-- PROMPT --
Retype the whole listing exactly. Leave out pictures.

-- DATA PROVIDED --
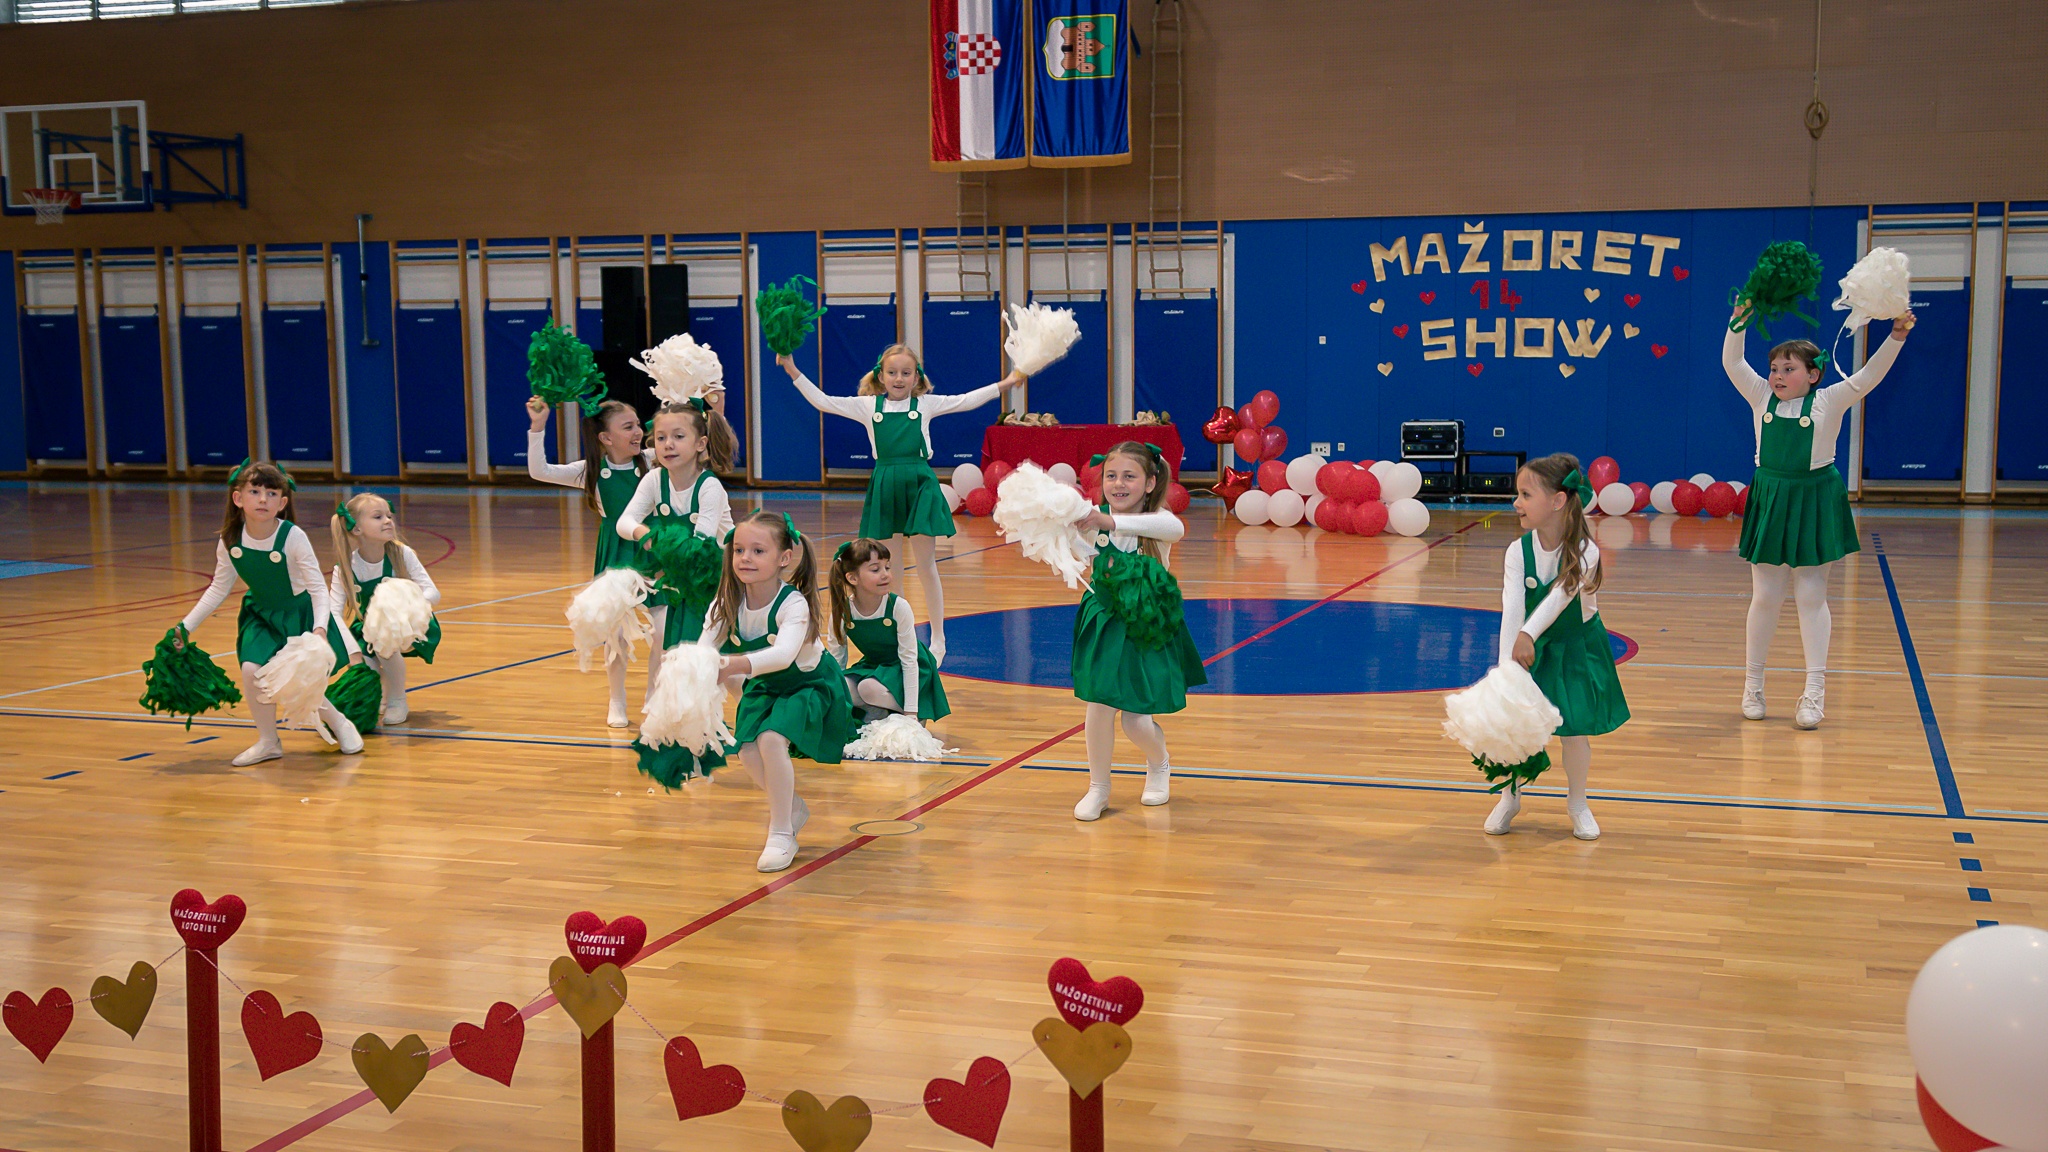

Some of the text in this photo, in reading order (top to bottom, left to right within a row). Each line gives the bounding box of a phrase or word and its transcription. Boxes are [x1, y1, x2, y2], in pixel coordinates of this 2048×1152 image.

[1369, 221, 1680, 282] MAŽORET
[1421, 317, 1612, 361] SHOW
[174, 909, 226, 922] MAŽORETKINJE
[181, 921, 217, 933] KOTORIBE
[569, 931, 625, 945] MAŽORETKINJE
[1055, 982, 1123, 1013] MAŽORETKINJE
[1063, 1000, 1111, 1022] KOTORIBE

-- WORKED SOLUTION --
Some of the text in this photo, in reading order (top to bottom, left to right within a row). Each line gives the bounding box of a phrase or word and its transcription. Boxes are [x1, y1, x2, y2], in pixel coordinates of this 2048×1152 image.

[1369, 221, 1680, 282] MAŽORET
[1421, 317, 1612, 361] SHOW
[174, 909, 226, 922] MAŽORETKINJE
[181, 921, 217, 933] KOTORIBE
[569, 931, 625, 945] MAŽORETKINJE
[1055, 982, 1123, 1013] MAŽORETKINJE
[1063, 1000, 1111, 1022] KOTORIBE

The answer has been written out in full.